### Extracted entries ###

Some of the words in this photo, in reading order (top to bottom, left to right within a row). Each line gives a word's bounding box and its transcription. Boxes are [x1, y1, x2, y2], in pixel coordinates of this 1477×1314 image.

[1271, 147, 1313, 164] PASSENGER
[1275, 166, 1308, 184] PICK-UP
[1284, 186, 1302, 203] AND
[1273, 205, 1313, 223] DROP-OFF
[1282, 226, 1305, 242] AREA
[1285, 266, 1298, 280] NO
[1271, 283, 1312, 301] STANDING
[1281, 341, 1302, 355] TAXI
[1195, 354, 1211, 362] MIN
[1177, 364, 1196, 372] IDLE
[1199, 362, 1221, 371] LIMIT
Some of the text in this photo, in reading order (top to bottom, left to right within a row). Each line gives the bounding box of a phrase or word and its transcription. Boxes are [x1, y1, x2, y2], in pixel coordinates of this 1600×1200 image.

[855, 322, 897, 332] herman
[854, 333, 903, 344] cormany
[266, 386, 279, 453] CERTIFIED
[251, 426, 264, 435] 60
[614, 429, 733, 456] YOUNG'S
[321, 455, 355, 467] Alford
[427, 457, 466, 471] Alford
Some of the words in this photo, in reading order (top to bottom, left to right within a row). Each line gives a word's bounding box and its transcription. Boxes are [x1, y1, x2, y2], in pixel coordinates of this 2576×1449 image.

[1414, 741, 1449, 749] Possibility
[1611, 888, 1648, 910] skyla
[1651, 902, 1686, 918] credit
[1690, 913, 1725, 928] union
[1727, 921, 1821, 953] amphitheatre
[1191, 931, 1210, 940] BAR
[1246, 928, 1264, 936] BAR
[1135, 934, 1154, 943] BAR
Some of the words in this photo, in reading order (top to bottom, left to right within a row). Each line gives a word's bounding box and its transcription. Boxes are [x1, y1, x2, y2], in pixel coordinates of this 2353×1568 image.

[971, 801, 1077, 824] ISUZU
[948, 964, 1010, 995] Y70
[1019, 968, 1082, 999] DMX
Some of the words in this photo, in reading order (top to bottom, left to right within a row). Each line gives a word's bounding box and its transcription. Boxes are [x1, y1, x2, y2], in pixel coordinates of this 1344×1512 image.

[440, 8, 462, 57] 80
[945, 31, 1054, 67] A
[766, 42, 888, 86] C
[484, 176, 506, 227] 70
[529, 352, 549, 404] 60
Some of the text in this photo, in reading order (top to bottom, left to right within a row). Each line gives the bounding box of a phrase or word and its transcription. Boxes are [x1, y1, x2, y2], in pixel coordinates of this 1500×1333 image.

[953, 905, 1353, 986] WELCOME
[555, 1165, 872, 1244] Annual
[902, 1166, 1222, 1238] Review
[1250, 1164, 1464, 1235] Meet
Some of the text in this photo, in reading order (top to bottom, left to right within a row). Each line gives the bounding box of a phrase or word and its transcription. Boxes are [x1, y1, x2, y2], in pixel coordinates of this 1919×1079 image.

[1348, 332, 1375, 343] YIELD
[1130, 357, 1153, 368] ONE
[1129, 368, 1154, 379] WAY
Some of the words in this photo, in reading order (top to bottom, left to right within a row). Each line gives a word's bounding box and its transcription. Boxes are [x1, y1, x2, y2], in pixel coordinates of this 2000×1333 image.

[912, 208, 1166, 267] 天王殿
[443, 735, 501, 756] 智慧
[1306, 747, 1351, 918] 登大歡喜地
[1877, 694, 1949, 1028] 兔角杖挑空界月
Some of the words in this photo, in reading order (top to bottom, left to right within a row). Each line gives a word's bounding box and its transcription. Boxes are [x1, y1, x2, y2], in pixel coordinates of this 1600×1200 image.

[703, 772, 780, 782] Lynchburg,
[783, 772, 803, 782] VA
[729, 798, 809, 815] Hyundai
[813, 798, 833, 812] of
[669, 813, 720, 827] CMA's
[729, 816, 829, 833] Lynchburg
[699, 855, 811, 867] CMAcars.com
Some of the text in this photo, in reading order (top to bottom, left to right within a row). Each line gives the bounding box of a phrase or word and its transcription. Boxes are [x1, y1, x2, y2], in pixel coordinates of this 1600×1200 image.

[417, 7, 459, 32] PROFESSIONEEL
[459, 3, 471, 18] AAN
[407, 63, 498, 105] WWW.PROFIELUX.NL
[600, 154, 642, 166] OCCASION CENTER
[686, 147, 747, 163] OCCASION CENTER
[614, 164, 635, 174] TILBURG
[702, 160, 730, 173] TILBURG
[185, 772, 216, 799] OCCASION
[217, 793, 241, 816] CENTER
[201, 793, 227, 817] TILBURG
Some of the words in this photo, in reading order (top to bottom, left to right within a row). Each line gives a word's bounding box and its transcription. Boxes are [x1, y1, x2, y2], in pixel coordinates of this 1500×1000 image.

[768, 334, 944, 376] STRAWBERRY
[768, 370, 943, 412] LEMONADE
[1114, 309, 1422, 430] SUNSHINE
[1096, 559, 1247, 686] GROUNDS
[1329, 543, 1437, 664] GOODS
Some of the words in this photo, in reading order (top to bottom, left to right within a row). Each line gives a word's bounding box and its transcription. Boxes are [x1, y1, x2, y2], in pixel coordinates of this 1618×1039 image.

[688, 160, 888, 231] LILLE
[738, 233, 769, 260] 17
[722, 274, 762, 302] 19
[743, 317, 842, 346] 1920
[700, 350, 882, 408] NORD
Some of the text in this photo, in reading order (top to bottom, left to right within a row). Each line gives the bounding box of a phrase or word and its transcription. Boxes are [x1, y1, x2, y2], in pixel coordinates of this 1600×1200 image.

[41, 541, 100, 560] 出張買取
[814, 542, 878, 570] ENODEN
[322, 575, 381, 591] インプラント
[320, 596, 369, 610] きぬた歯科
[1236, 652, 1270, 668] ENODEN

###

With no alteration of any kind, give the data again in full.

Some of the words in this photo, in reading order (top to bottom, left to right within a row). Each line gives a word's bounding box and its transcription. Boxes are [x1, y1, x2, y2], in pixel coordinates of this 1477×1314 image.

[1271, 147, 1313, 164] PASSENGER
[1275, 166, 1308, 184] PICK-UP
[1284, 186, 1302, 203] AND
[1273, 205, 1313, 223] DROP-OFF
[1282, 226, 1305, 242] AREA
[1285, 266, 1298, 280] NO
[1271, 283, 1312, 301] STANDING
[1281, 341, 1302, 355] TAXI
[1195, 354, 1211, 362] MIN
[1177, 364, 1196, 372] IDLE
[1199, 362, 1221, 371] LIMIT
Some of the text in this photo, in reading order (top to bottom, left to right within a row). Each line gives the bounding box of a phrase or word and its transcription. Boxes are [x1, y1, x2, y2], in pixel coordinates of this 1600×1200 image.

[855, 322, 897, 332] herman
[854, 333, 903, 344] cormany
[266, 386, 279, 453] CERTIFIED
[251, 426, 264, 435] 60
[614, 429, 733, 456] YOUNG'S
[321, 455, 355, 467] Alford
[427, 457, 466, 471] Alford
Some of the words in this photo, in reading order (top to bottom, left to right within a row). Each line gives a word's bounding box and its transcription. Boxes are [x1, y1, x2, y2], in pixel coordinates of this 2576×1449 image.

[1414, 741, 1449, 749] Possibility
[1611, 888, 1648, 910] skyla
[1651, 902, 1686, 918] credit
[1690, 913, 1725, 928] union
[1727, 921, 1821, 953] amphitheatre
[1191, 931, 1210, 940] BAR
[1246, 928, 1264, 936] BAR
[1135, 934, 1154, 943] BAR
Some of the words in this photo, in reading order (top to bottom, left to right within a row). Each line gives a word's bounding box and its transcription. Boxes are [x1, y1, x2, y2], in pixel coordinates of this 2353×1568 image.

[971, 801, 1077, 824] ISUZU
[948, 964, 1010, 995] Y70
[1019, 968, 1082, 999] DMX
Some of the words in this photo, in reading order (top to bottom, left to right within a row). Each line gives a word's bounding box and its transcription. Boxes are [x1, y1, x2, y2], in pixel coordinates of this 1344×1512 image.

[440, 8, 462, 57] 80
[945, 31, 1054, 67] A
[766, 42, 888, 86] C
[484, 176, 506, 227] 70
[529, 352, 549, 404] 60
Some of the text in this photo, in reading order (top to bottom, left to right within a row). Each line gives the bounding box of a phrase or word and its transcription. Boxes are [x1, y1, x2, y2], in pixel coordinates of this 1500×1333 image.

[953, 905, 1353, 986] WELCOME
[555, 1165, 872, 1244] Annual
[902, 1166, 1222, 1238] Review
[1250, 1164, 1464, 1235] Meet
Some of the text in this photo, in reading order (top to bottom, left to right within a row). Each line gives the bounding box of a phrase or word and its transcription. Boxes are [x1, y1, x2, y2], in pixel coordinates of this 1919×1079 image.

[1348, 332, 1375, 343] YIELD
[1130, 357, 1153, 368] ONE
[1129, 368, 1154, 379] WAY
Some of the words in this photo, in reading order (top to bottom, left to right within a row). Each line gives a word's bounding box and its transcription. Boxes are [x1, y1, x2, y2], in pixel coordinates of this 2000×1333 image.

[912, 208, 1166, 267] 天王殿
[443, 735, 501, 756] 智慧
[1306, 747, 1351, 918] 登大歡喜地
[1877, 694, 1949, 1028] 兔角杖挑空界月
Some of the words in this photo, in reading order (top to bottom, left to right within a row). Each line gives a word's bounding box and its transcription. Boxes are [x1, y1, x2, y2], in pixel coordinates of this 1600×1200 image.

[703, 772, 780, 782] Lynchburg,
[783, 772, 803, 782] VA
[729, 798, 809, 815] Hyundai
[813, 798, 833, 812] of
[669, 813, 720, 827] CMA's
[729, 816, 829, 833] Lynchburg
[699, 855, 811, 867] CMAcars.com
Some of the text in this photo, in reading order (top to bottom, left to right within a row). Each line gives the bounding box of a phrase or word and its transcription. Boxes are [x1, y1, x2, y2], in pixel coordinates of this 1600×1200 image.

[417, 7, 459, 32] PROFESSIONEEL
[459, 3, 471, 18] AAN
[407, 63, 498, 105] WWW.PROFIELUX.NL
[600, 154, 642, 166] OCCASION CENTER
[686, 147, 747, 163] OCCASION CENTER
[614, 164, 635, 174] TILBURG
[702, 160, 730, 173] TILBURG
[185, 772, 216, 799] OCCASION
[217, 793, 241, 816] CENTER
[201, 793, 227, 817] TILBURG
Some of the words in this photo, in reading order (top to bottom, left to right within a row). Each line gives a word's bounding box and its transcription. Boxes are [x1, y1, x2, y2], in pixel coordinates of this 1500×1000 image.

[768, 334, 944, 376] STRAWBERRY
[768, 370, 943, 412] LEMONADE
[1114, 309, 1422, 430] SUNSHINE
[1096, 559, 1247, 686] GROUNDS
[1329, 543, 1437, 664] GOODS
Some of the words in this photo, in reading order (top to bottom, left to right within a row). Each line gives a word's bounding box and its transcription. Boxes are [x1, y1, x2, y2], in pixel coordinates of this 1618×1039 image.

[688, 160, 888, 231] LILLE
[738, 233, 769, 260] 17
[722, 274, 762, 302] 19
[743, 317, 842, 346] 1920
[700, 350, 882, 408] NORD
Some of the text in this photo, in reading order (top to bottom, left to right within a row). Each line gives the bounding box of a phrase or word and its transcription. Boxes are [x1, y1, x2, y2], in pixel coordinates of this 1600×1200 image.

[41, 541, 100, 560] 出張買取
[814, 542, 878, 570] ENODEN
[322, 575, 381, 591] インプラント
[320, 596, 369, 610] きぬた歯科
[1236, 652, 1270, 668] ENODEN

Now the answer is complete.